Fineco, il capitano che guarda al futuro

Parte “advisory day by day” la nuova rubrica di BLUERATING che racconterà come si svolge nel quotidiano la professione di consulente finanziario e le storie lavorative di molti financial advisor. In questo numero il nostro magazine intervista Vincenzo Borchia (nella foto), area manager di FinecoBank. La sua carriera inizia in Banca Mediolanum nel 1986, all’epoca Programma Italia, e oggi è alla guida di 143 consulenti finanziari in due regioni italiane differenti sotto il suo coordinamento: le Marche e l’Emilia Romagna. Il suo lavoro copre più di 30 anni, cavalcando la fine di un secolo scorso e l’inizio del nuovo millennio, attraversa la nascita del web e dei suoi prodotti. Oggi il consulente Borchia vede il futuro “chiaro e tecnologico”. Quando ha iniziato a fare questo lavoro? E cosa l’ha portata a farlo? Ho iniziato questa professione nel 1986. All’epoca ero un calciatore e ricordo il boom dei mercati azionari. Diversi miei colleghi giocatori guardavano Il Sole 24 Ore notando come un sacco di gente guadagnasse un sacco di soldi in borsa. Così mi sono incuriosito e sono entrato in Programma Italia, come consulente finanziario. Dopo due anni ho iniziato l’attività manageriale grazie ai miei risultati.
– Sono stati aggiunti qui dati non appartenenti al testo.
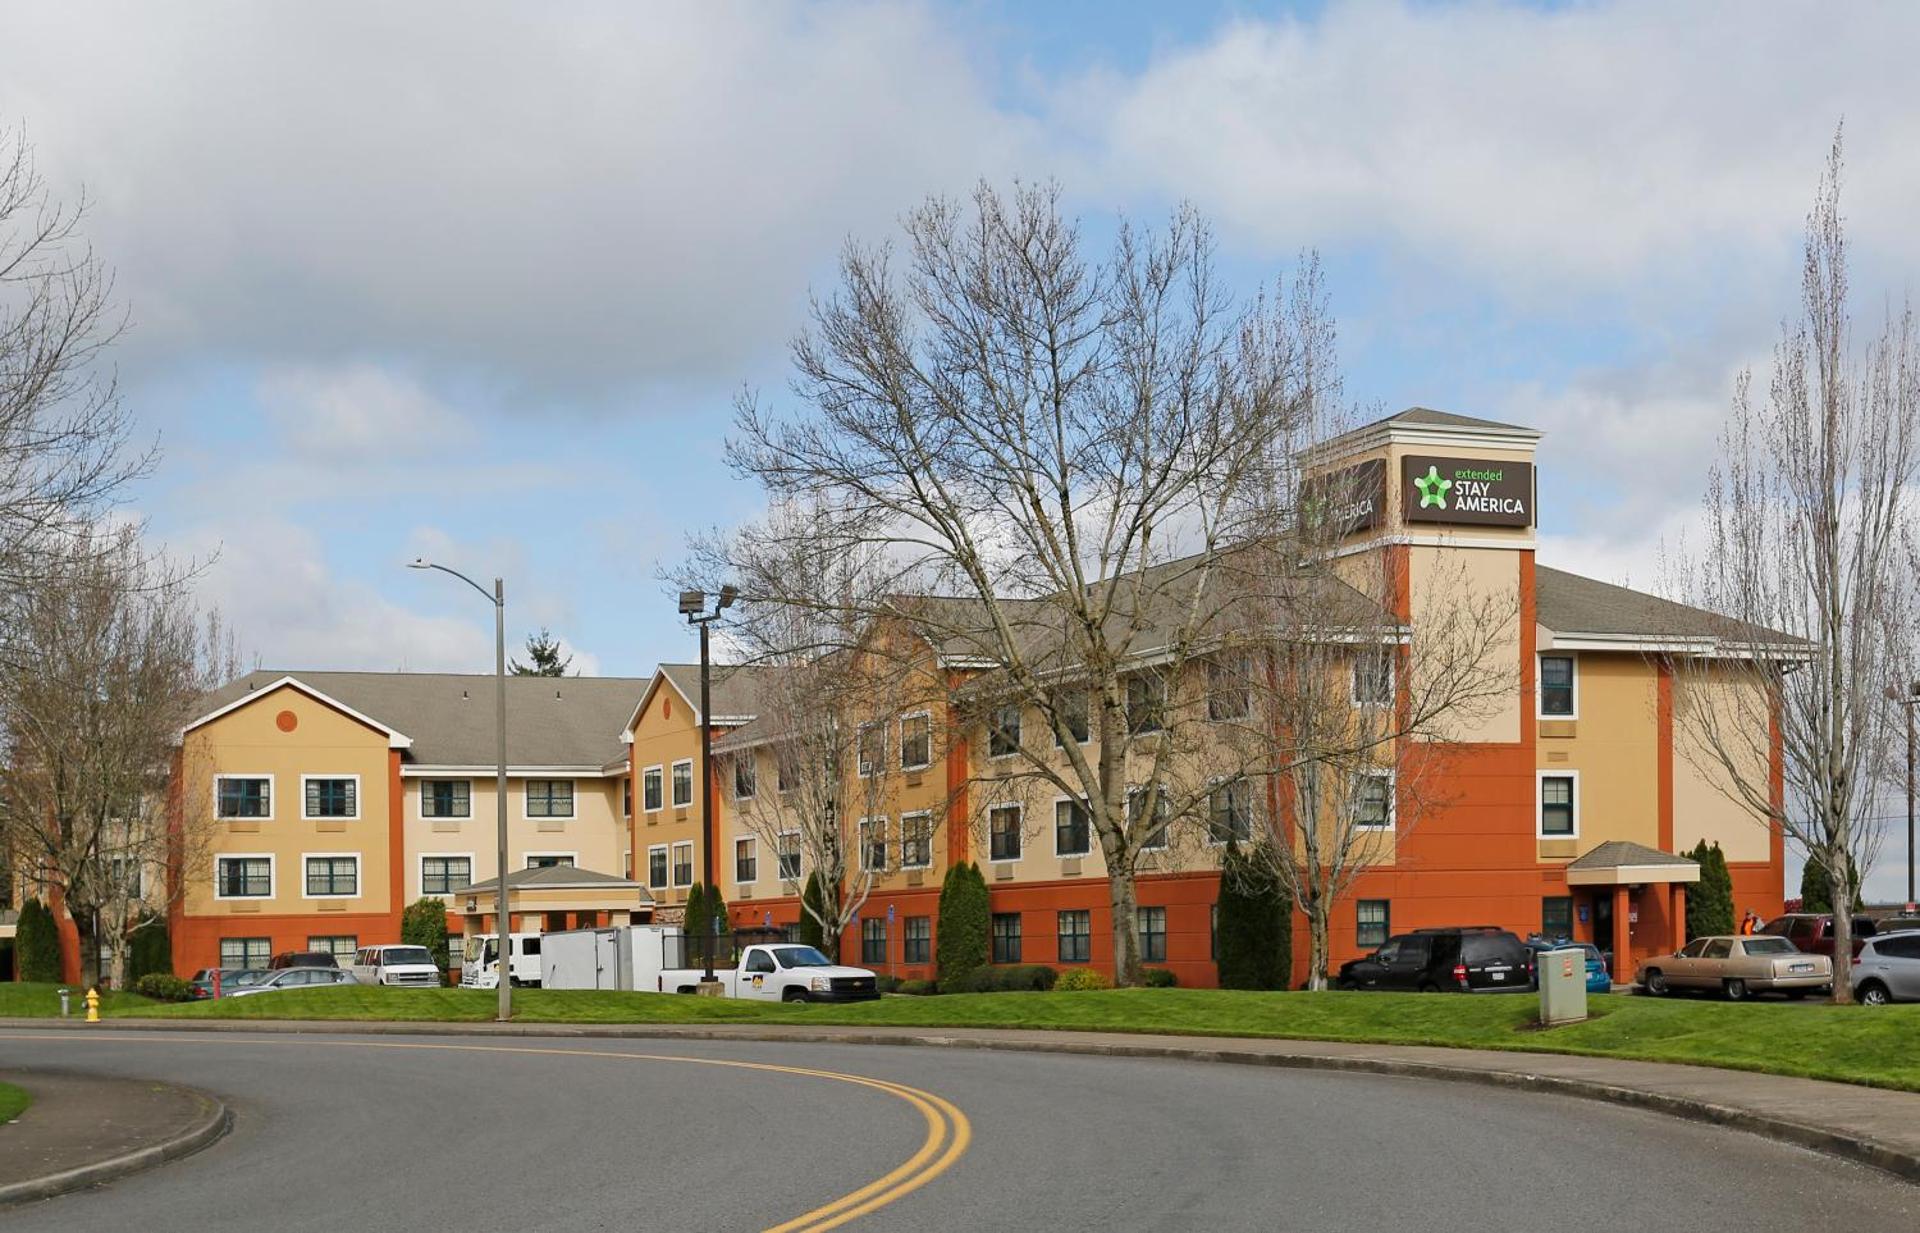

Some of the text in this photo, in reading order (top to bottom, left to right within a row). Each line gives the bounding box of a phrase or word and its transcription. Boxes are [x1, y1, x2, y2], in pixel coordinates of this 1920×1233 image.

[1455, 469, 1503, 480] extended
[1455, 480, 1490, 496] STAY
[1455, 496, 1524, 514] AMERICA
Cosa significa per lei fare questo lavoro?
C’è da dire che negli anni le cose sono cambiate molto. Fare questo lavoro oggi significa aiutare i miei consulenti a raggiungere degli obiettivi importanti, ma anche di vita e di carriera. È importante. Loro stessi sono impegnati, a loro volta, a far raggiungere al cliente nuovi obiettivi. Vale molto. È come essere un medico: sapendo che i risparmiatori non hanno grandissime competenze finanziarie, aiutarli a risparmiare è un lavoro prezioso. È la spinta che mi ha fatto continuare a fare questo lavoro negli anni.

Quindi possiamo dire che il consulente finanziario ha un ruolo fondamentale nell’implementazione dell’educazione finanziaria?
Moltissimo. Reputo che il risparmio sia una delle risorse più importanti che ha l’Italia e quindi dobbiamo essere bravi a saperlo gestire. Avere risultati importanti in termini di redditività migliorerebbe la situazione dell’Italia stessa.
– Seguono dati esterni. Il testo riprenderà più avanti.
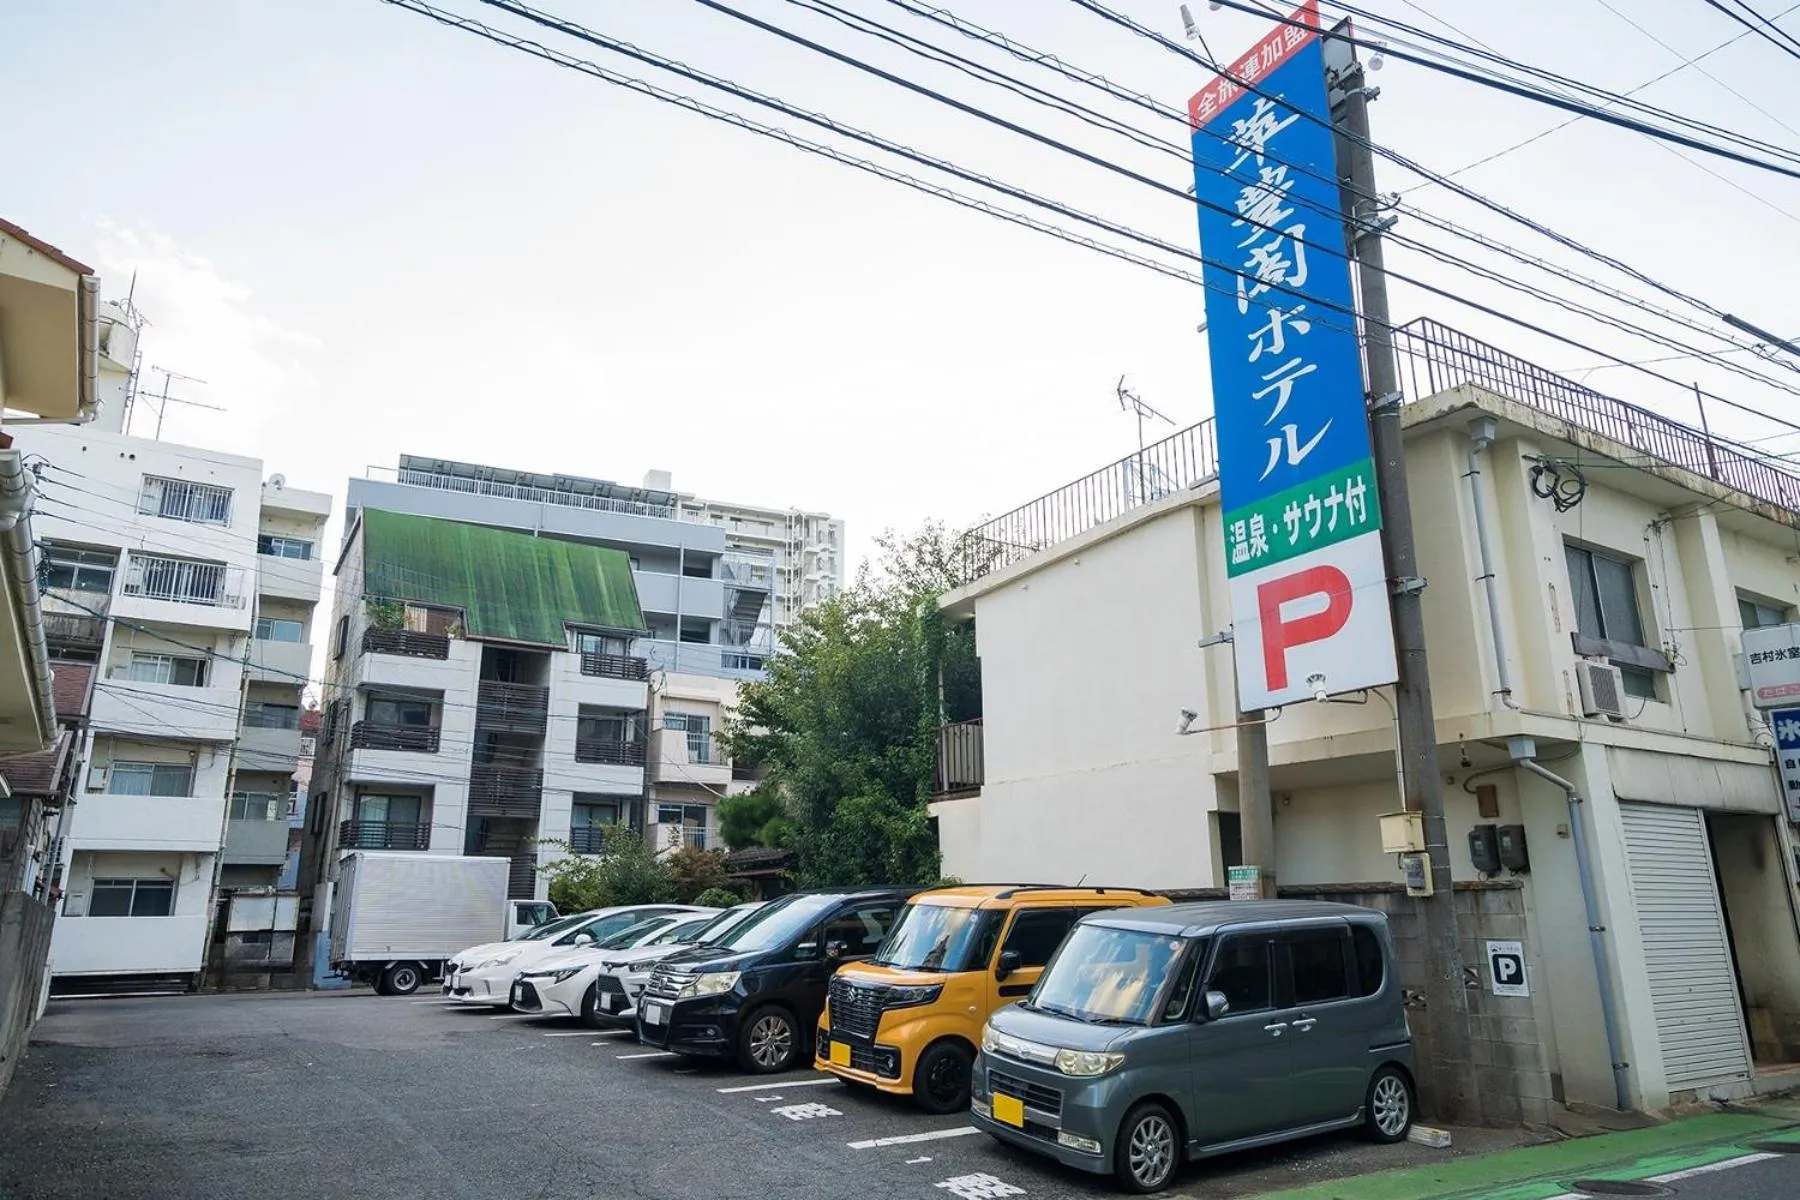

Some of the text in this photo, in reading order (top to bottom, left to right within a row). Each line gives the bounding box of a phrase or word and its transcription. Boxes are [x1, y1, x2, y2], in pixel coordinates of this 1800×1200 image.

[1230, 475, 1367, 565] 温泉・サウナ付
[1257, 564, 1353, 692] P
[1498, 957, 1516, 981] P
Ma un cliente più formato a livello finanziario, può per assurdo far perdere di senso la professione del cf?
Eh no, è proprio il contrario. Guardando l’esperienza americana, il cf diventa un punto di riferimento. Noi non guardiamo solo al rendimento. Il consulente diventa di riferimento nell’acquisto, nella scelta degli immobili o dell’università per i figli. Non è solo la figura che si occupa di allocare gli investimenti, può aiutare per esempio anche nel passaggio generazionale o nella fiscalità. Quindi non solo investimenti, o prodotti. Quello che ci raccontano i nostri clienti sono anche storie personali, si fidano della persona. Il prodotto è solo il mezzo.

Come si svolge una sua giornata nella rete?
Negli anni è cambiata. Quando facevo il consulente finanziario sul campo mi occupavo di dare assistenza e sviluppare il portafoglio. Adesso la mia attività si svolge in una fase di coordinamento. Mi occupo di aiutare un gruppo di 143 consulenti finanziari nelle due regioni che coordino, Marche ed Emilia Romagna. Sono molto presente, mi piace spostarmi dal mio ufficio e andare da Ascoli Piceno a Fidenza per trovarli e seguire da vicino il lavoro. Mi affido anche ad una struttura manageriale che a loro volta gestisce i cf.